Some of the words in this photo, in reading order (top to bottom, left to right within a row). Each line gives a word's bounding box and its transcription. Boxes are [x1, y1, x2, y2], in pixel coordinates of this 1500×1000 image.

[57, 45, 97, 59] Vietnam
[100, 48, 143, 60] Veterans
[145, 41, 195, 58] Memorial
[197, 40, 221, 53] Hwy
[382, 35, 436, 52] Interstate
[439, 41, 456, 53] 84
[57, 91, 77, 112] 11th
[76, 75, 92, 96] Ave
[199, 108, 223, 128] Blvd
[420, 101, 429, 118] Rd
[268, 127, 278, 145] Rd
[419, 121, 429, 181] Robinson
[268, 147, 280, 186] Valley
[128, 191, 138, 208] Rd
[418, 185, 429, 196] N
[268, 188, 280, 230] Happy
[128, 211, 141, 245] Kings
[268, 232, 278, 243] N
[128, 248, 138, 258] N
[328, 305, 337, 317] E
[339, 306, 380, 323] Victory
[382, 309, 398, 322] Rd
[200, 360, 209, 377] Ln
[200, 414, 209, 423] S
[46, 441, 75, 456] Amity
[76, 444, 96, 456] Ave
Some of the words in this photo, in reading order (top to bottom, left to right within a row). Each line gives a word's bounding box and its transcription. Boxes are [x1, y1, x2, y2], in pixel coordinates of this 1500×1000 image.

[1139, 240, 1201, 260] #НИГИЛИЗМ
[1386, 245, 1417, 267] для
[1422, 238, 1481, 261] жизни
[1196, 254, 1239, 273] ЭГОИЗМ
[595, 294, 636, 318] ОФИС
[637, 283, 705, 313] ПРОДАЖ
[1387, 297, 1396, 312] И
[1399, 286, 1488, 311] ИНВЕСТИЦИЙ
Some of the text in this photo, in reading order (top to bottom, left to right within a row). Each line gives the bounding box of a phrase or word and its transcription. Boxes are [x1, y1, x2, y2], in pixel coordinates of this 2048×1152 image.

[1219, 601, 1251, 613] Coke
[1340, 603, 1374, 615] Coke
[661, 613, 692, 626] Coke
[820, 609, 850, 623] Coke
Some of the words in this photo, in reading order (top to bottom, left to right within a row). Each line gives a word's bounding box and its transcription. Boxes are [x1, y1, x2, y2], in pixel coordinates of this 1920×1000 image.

################

__ASSIGNMENT__:
Give back the material above in full, exactly as it reads.

__SOLVED PROBLEM__:
Some of the words in this photo, in reading order (top to bottom, left to right within a row). Each line gives a word's bounding box and its transcription. Boxes are [x1, y1, x2, y2], in pixel coordinates of this 1500×1000 image.

[57, 45, 97, 59] Vietnam
[100, 48, 143, 60] Veterans
[145, 41, 195, 58] Memorial
[197, 40, 221, 53] Hwy
[382, 35, 436, 52] Interstate
[439, 41, 456, 53] 84
[57, 91, 77, 112] 11th
[76, 75, 92, 96] Ave
[199, 108, 223, 128] Blvd
[420, 101, 429, 118] Rd
[268, 127, 278, 145] Rd
[419, 121, 429, 181] Robinson
[268, 147, 280, 186] Valley
[128, 191, 138, 208] Rd
[418, 185, 429, 196] N
[268, 188, 280, 230] Happy
[128, 211, 141, 245] Kings
[268, 232, 278, 243] N
[128, 248, 138, 258] N
[328, 305, 337, 317] E
[339, 306, 380, 323] Victory
[382, 309, 398, 322] Rd
[200, 360, 209, 377] Ln
[200, 414, 209, 423] S
[46, 441, 75, 456] Amity
[76, 444, 96, 456] Ave
Some of the words in this photo, in reading order (top to bottom, left to right within a row). Each line gives a word's bounding box and its transcription. Boxes are [x1, y1, x2, y2], in pixel coordinates of this 1500×1000 image.

[1139, 240, 1201, 260] #НИГИЛИЗМ
[1386, 245, 1417, 267] для
[1422, 238, 1481, 261] жизни
[1196, 254, 1239, 273] ЭГОИЗМ
[595, 294, 636, 318] ОФИС
[637, 283, 705, 313] ПРОДАЖ
[1387, 297, 1396, 312] И
[1399, 286, 1488, 311] ИНВЕСТИЦИЙ
Some of the text in this photo, in reading order (top to bottom, left to right within a row). Each line gives the bounding box of a phrase or word and its transcription. Boxes are [x1, y1, x2, y2], in pixel coordinates of this 2048×1152 image.

[1219, 601, 1251, 613] Coke
[1340, 603, 1374, 615] Coke
[661, 613, 692, 626] Coke
[820, 609, 850, 623] Coke
Some of the words in this photo, in reading order (top to bottom, left to right within a row). Each line gives a word's bounding box and its transcription. Boxes are [x1, y1, x2, y2], in pixel coordinates of this 1920×1000 image.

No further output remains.